Just Breathe: The story of a growing family in America – part 2

Just Breathe: The story of a growing family in America – part 2

This is the second part of Kinjal Vasavada’s three-part photo essay following her medical school buddy, Adriana, through her pregnancy. Find the first part of her photo essay here.


Content Warning: mental health & substance abuse topics discussed

Mental health and medication use during pregnancy

At the beginning of her pregnancy, Adriana stopped taking her depression medications, worried that it may affect the baby.

In the United States, nearly 8% of pregnant mothers take antidepressant medications during pregnancy. The decision of whether or not to medicate can feel difficult. Both depressive symptoms and antidepressant medications are associated with preterm birth and low birth weight, which are known to have detrimental impacts on infant development, including a higher rate of respiratory problems, feeding difficulties, developmental delays, and vision and hearing issues.

“Going from medication to no medication was a big change. I figured I could do it, but it got to the point where I didn’t want my boyfriend near me, didn’t want to go home, do anything, eat. We both decided that I needed to get back on medication before I have a mental breakdown. Being back on my medication is better for me and for the baby. If I’m not healthy, he’s not healthy. He needs a positive mom, with the way my brain works and the depression and the stress of everything at home…Jason’s [upcoming] trial.”

The upcoming trial  

“We stressed constantly about the trial. And you could feel it in the house because it was so intense. We didn’t hold hands or talk as much.”

A week before the trial things got better. Adriana and Jason were laughing more and cooking together.

“He makes this spaghetti sauce that’s really good, and he won’t tell me how to make it. Whatever I wanted he made. We’d stay up watching Marvel movies, sit in bed and talk, crack jokes. On a Saturday, he got some popcorn and goodies. We were watching a movie. It wasn’t funny but we were laughing hysterically. And he does this thing when we watch movies – he does voice overs. And it sounds like Spanish soccer announcers when they scream GOALLLL for a long time. He was like that the entire movie. And then we fell asleep watching TV.

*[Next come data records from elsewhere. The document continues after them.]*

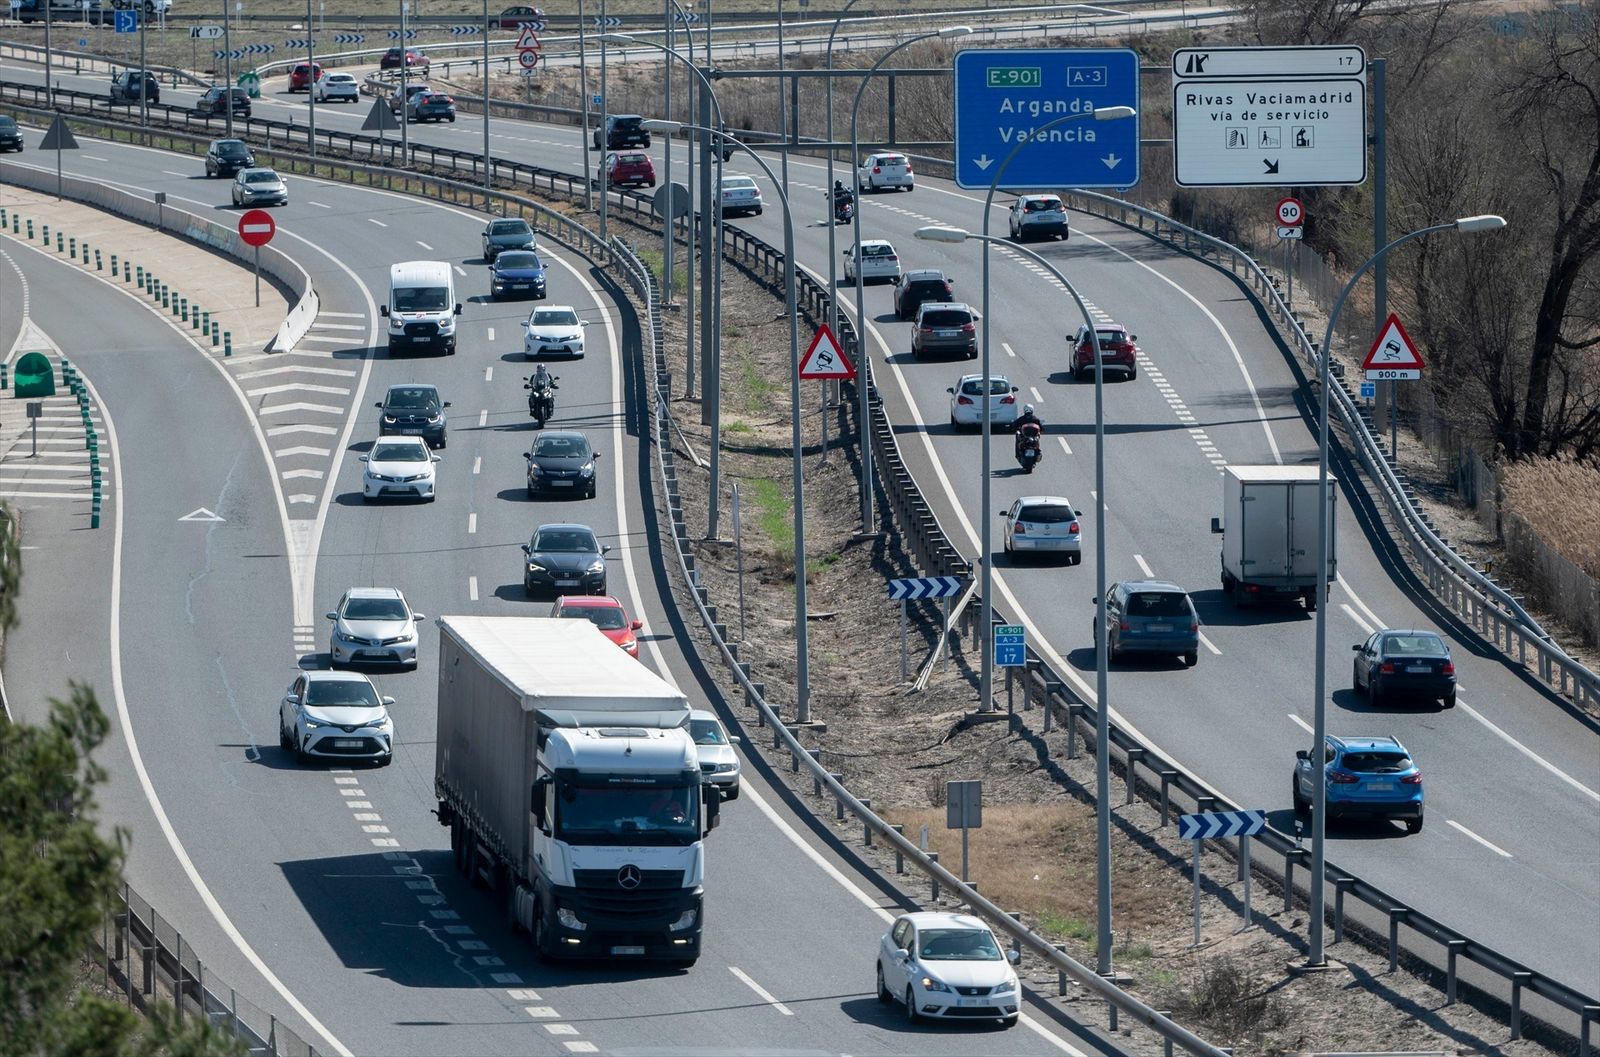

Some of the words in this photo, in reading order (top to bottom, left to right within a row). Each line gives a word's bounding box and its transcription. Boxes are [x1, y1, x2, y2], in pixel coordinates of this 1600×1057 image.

[208, 28, 218, 36] 17
[1339, 57, 1353, 65] 17
[990, 71, 1038, 83] E-901
[1073, 71, 1101, 82] A-3
[1186, 94, 1233, 106] Rivas
[1246, 92, 1352, 105] Vaciamadrid
[1000, 98, 1094, 117] Arganda
[1210, 111, 1232, 121] vía
[1241, 110, 1257, 121] de
[1267, 109, 1329, 121] servicio
[999, 127, 1096, 143] Valencia
[1282, 208, 1298, 217] 90
[1378, 371, 1397, 379] 900
[1003, 653, 1017, 663] 17

We knew the following week was trial. Can’t get too upset now. We had to enjoy the moment, so that if anything happened and he had to be incarcerated, at least we have that week we had a good time.”

“I don’t want to do this alone”

Both Adriana and Jason walked into the trial not knowing what might happen. “Jason’s a person in long term recovery. He was sniffing Adderall, coke, and crystal meth… crystal meth makes you violent…But he changed. He went to rehab on his own. He never knew he had a mental health disorder – anxiety, depression. He’s not an abuser. He’s not controlling or jealous. He’s completely different from what they were saying in court.”

The trial continued and on the last day, when Adriana was at work, she received a call from Jason’s lawyer. “I could already tell by his tone of voice that Jason was not coming home. I said ok. ‘I need you to come pick up his belongings.’ I said ok. I kept saying ok. I had a full blown panic attack with anxiety. In my head I didn’t realize how bad it was. I had someone checking my stomach, my heart rate, someone trying to give me water. ‘You need to calm down, you’re pregnant, your blood pressure is spiking.’ Nothing registered.

I wanted him there. When I gave birth. I had already planned everything; me and him would deliver the baby. Not my mom, sister, friends.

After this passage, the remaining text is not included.